Data for this task section start
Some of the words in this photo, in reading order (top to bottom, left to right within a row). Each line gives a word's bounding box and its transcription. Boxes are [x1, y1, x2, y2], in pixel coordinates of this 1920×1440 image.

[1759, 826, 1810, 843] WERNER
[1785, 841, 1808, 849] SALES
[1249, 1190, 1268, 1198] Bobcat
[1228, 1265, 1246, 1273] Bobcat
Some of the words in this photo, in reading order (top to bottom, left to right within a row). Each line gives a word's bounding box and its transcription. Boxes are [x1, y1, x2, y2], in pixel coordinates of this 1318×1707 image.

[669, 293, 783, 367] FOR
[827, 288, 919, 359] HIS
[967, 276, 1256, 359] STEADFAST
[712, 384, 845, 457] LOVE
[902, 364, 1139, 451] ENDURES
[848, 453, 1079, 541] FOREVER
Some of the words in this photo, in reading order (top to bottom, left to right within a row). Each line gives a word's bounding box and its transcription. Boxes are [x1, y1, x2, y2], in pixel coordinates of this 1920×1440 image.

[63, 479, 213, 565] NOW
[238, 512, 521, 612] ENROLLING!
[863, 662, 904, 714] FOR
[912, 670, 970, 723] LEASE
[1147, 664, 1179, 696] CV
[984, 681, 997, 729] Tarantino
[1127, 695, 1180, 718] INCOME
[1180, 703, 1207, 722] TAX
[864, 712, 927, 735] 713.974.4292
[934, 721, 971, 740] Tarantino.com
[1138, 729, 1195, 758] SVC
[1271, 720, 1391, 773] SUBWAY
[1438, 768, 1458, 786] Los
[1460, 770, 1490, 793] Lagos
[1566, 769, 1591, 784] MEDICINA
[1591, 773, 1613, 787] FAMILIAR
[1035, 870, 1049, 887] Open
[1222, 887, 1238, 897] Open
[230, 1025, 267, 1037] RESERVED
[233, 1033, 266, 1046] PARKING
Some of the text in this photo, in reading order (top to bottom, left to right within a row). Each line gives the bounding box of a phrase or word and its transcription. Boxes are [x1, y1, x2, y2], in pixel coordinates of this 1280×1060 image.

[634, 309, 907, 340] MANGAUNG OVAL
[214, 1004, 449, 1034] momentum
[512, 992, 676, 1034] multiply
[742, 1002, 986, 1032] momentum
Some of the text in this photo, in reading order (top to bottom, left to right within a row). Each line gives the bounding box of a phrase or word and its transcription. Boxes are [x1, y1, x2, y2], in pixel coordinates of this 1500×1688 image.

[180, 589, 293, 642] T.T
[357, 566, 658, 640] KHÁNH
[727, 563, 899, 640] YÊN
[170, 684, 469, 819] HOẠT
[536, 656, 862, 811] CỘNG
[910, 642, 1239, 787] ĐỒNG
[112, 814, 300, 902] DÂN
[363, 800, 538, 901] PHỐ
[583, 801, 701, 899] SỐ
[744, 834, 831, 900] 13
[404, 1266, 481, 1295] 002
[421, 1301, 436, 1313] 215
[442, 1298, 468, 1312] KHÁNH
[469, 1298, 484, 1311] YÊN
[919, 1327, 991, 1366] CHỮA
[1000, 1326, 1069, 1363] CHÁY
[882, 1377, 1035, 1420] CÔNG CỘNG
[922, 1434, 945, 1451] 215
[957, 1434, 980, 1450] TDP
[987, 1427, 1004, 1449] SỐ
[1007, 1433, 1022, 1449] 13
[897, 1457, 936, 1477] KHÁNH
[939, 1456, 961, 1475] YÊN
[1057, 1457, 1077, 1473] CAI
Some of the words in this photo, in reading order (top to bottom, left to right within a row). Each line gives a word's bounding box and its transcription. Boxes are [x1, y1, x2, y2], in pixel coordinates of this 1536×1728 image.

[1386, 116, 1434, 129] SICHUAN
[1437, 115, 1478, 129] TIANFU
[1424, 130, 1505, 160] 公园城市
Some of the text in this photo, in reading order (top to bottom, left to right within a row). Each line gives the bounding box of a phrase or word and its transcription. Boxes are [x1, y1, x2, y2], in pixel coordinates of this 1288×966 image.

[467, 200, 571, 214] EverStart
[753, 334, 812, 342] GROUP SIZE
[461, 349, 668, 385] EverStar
Data for this task section end
Keeping every word as it is, repeat all of the records.

Some of the words in this photo, in reading order (top to bottom, left to right within a row). Each line gives a word's bounding box and its transcription. Boxes are [x1, y1, x2, y2], in pixel coordinates of this 1920×1440 image.

[1759, 826, 1810, 843] WERNER
[1785, 841, 1808, 849] SALES
[1249, 1190, 1268, 1198] Bobcat
[1228, 1265, 1246, 1273] Bobcat
Some of the words in this photo, in reading order (top to bottom, left to right within a row). Each line gives a word's bounding box and its transcription. Boxes are [x1, y1, x2, y2], in pixel coordinates of this 1318×1707 image.

[669, 293, 783, 367] FOR
[827, 288, 919, 359] HIS
[967, 276, 1256, 359] STEADFAST
[712, 384, 845, 457] LOVE
[902, 364, 1139, 451] ENDURES
[848, 453, 1079, 541] FOREVER
Some of the words in this photo, in reading order (top to bottom, left to right within a row). Each line gives a word's bounding box and its transcription. Boxes are [x1, y1, x2, y2], in pixel coordinates of this 1920×1440 image.

[63, 479, 213, 565] NOW
[238, 512, 521, 612] ENROLLING!
[863, 662, 904, 714] FOR
[912, 670, 970, 723] LEASE
[1147, 664, 1179, 696] CV
[984, 681, 997, 729] Tarantino
[1127, 695, 1180, 718] INCOME
[1180, 703, 1207, 722] TAX
[864, 712, 927, 735] 713.974.4292
[934, 721, 971, 740] Tarantino.com
[1138, 729, 1195, 758] SVC
[1271, 720, 1391, 773] SUBWAY
[1438, 768, 1458, 786] Los
[1460, 770, 1490, 793] Lagos
[1566, 769, 1591, 784] MEDICINA
[1591, 773, 1613, 787] FAMILIAR
[1035, 870, 1049, 887] Open
[1222, 887, 1238, 897] Open
[230, 1025, 267, 1037] RESERVED
[233, 1033, 266, 1046] PARKING
Some of the text in this photo, in reading order (top to bottom, left to right within a row). Each line gives the bounding box of a phrase or word and its transcription. Boxes are [x1, y1, x2, y2], in pixel coordinates of this 1280×1060 image.

[634, 309, 907, 340] MANGAUNG OVAL
[214, 1004, 449, 1034] momentum
[512, 992, 676, 1034] multiply
[742, 1002, 986, 1032] momentum
Some of the text in this photo, in reading order (top to bottom, left to right within a row). Each line gives the bounding box of a phrase or word and its transcription. Boxes are [x1, y1, x2, y2], in pixel coordinates of this 1500×1688 image.

[180, 589, 293, 642] T.T
[357, 566, 658, 640] KHÁNH
[727, 563, 899, 640] YÊN
[170, 684, 469, 819] HOẠT
[536, 656, 862, 811] CỘNG
[910, 642, 1239, 787] ĐỒNG
[112, 814, 300, 902] DÂN
[363, 800, 538, 901] PHỐ
[583, 801, 701, 899] SỐ
[744, 834, 831, 900] 13
[404, 1266, 481, 1295] 002
[421, 1301, 436, 1313] 215
[442, 1298, 468, 1312] KHÁNH
[469, 1298, 484, 1311] YÊN
[919, 1327, 991, 1366] CHỮA
[1000, 1326, 1069, 1363] CHÁY
[882, 1377, 1035, 1420] CÔNG CỘNG
[922, 1434, 945, 1451] 215
[957, 1434, 980, 1450] TDP
[987, 1427, 1004, 1449] SỐ
[1007, 1433, 1022, 1449] 13
[897, 1457, 936, 1477] KHÁNH
[939, 1456, 961, 1475] YÊN
[1057, 1457, 1077, 1473] CAI
Some of the words in this photo, in reading order (top to bottom, left to right within a row). Each line gives a word's bounding box and its transcription. Boxes are [x1, y1, x2, y2], in pixel coordinates of this 1536×1728 image.

[1386, 116, 1434, 129] SICHUAN
[1437, 115, 1478, 129] TIANFU
[1424, 130, 1505, 160] 公园城市
Some of the text in this photo, in reading order (top to bottom, left to right within a row). Each line gives the bounding box of a phrase or word and its transcription. Boxes are [x1, y1, x2, y2], in pixel coordinates of this 1288×966 image.

[467, 200, 571, 214] EverStart
[753, 334, 812, 342] GROUP SIZE
[461, 349, 668, 385] EverStar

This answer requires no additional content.